----- WORKING DATA -----

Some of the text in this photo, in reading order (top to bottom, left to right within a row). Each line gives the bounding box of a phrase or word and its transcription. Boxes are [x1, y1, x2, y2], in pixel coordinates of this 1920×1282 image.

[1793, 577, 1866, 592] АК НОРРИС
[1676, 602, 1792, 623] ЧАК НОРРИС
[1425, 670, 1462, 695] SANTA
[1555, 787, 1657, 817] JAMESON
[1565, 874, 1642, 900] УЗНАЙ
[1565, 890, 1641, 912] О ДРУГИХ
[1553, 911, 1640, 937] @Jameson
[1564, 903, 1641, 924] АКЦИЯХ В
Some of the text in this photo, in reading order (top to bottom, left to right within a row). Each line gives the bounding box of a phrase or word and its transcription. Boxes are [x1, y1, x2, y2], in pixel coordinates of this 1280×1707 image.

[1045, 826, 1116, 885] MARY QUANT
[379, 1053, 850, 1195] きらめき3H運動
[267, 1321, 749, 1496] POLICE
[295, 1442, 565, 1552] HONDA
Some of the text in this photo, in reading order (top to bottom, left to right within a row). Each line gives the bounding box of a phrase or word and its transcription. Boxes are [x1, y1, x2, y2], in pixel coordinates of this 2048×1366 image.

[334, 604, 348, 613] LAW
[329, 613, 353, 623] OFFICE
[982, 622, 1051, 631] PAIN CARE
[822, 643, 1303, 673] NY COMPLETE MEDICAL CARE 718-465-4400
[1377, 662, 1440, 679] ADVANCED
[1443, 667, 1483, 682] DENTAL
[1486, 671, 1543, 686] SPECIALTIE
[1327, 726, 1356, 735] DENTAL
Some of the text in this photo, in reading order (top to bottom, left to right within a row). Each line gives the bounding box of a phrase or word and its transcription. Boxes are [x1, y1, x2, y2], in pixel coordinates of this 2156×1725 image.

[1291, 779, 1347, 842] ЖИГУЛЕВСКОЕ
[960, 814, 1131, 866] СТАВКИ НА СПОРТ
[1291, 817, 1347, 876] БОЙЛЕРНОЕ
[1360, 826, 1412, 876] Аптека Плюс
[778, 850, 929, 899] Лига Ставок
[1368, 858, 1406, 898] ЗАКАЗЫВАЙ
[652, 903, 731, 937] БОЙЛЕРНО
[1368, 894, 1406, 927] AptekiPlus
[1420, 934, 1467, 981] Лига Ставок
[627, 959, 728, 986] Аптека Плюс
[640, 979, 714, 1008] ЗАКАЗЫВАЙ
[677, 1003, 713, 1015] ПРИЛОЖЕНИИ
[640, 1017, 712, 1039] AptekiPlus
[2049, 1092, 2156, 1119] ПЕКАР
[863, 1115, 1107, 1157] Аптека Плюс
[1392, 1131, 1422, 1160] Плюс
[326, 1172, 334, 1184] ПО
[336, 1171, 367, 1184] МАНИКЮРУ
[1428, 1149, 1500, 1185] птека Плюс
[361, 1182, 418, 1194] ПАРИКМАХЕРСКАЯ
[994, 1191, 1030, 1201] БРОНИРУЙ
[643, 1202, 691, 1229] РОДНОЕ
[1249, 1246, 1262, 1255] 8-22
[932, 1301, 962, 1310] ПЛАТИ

-----

▶ **GOAL OF THE EXERCISE**
Copy out every record above exactly as written.

▶ **ANSWER FOR THE TASK**
Some of the text in this photo, in reading order (top to bottom, left to right within a row). Each line gives the bounding box of a phrase or word and its transcription. Boxes are [x1, y1, x2, y2], in pixel coordinates of this 1920×1282 image.

[1793, 577, 1866, 592] АК НОРРИС
[1676, 602, 1792, 623] ЧАК НОРРИС
[1425, 670, 1462, 695] SANTA
[1555, 787, 1657, 817] JAMESON
[1565, 874, 1642, 900] УЗНАЙ
[1565, 890, 1641, 912] О ДРУГИХ
[1553, 911, 1640, 937] @Jameson
[1564, 903, 1641, 924] АКЦИЯХ В
Some of the text in this photo, in reading order (top to bottom, left to right within a row). Each line gives the bounding box of a phrase or word and its transcription. Boxes are [x1, y1, x2, y2], in pixel coordinates of this 1280×1707 image.

[1045, 826, 1116, 885] MARY QUANT
[379, 1053, 850, 1195] きらめき3H運動
[267, 1321, 749, 1496] POLICE
[295, 1442, 565, 1552] HONDA
Some of the text in this photo, in reading order (top to bottom, left to right within a row). Each line gives the bounding box of a phrase or word and its transcription. Boxes are [x1, y1, x2, y2], in pixel coordinates of this 2048×1366 image.

[334, 604, 348, 613] LAW
[329, 613, 353, 623] OFFICE
[982, 622, 1051, 631] PAIN CARE
[822, 643, 1303, 673] NY COMPLETE MEDICAL CARE 718-465-4400
[1377, 662, 1440, 679] ADVANCED
[1443, 667, 1483, 682] DENTAL
[1486, 671, 1543, 686] SPECIALTIE
[1327, 726, 1356, 735] DENTAL
Some of the text in this photo, in reading order (top to bottom, left to right within a row). Each line gives the bounding box of a phrase or word and its transcription. Boxes are [x1, y1, x2, y2], in pixel coordinates of this 2156×1725 image.

[1291, 779, 1347, 842] ЖИГУЛЕВСКОЕ
[960, 814, 1131, 866] СТАВКИ НА СПОРТ
[1291, 817, 1347, 876] БОЙЛЕРНОЕ
[1360, 826, 1412, 876] Аптека Плюс
[778, 850, 929, 899] Лига Ставок
[1368, 858, 1406, 898] ЗАКАЗЫВАЙ
[652, 903, 731, 937] БОЙЛЕРНО
[1368, 894, 1406, 927] AptekiPlus
[1420, 934, 1467, 981] Лига Ставок
[627, 959, 728, 986] Аптека Плюс
[640, 979, 714, 1008] ЗАКАЗЫВАЙ
[677, 1003, 713, 1015] ПРИЛОЖЕНИИ
[640, 1017, 712, 1039] AptekiPlus
[2049, 1092, 2156, 1119] ПЕКАР
[863, 1115, 1107, 1157] Аптека Плюс
[1392, 1131, 1422, 1160] Плюс
[326, 1172, 334, 1184] ПО
[336, 1171, 367, 1184] МАНИКЮРУ
[1428, 1149, 1500, 1185] птека Плюс
[361, 1182, 418, 1194] ПАРИКМАХЕРСКАЯ
[994, 1191, 1030, 1201] БРОНИРУЙ
[643, 1202, 691, 1229] РОДНОЕ
[1249, 1246, 1262, 1255] 8-22
[932, 1301, 962, 1310] ПЛАТИ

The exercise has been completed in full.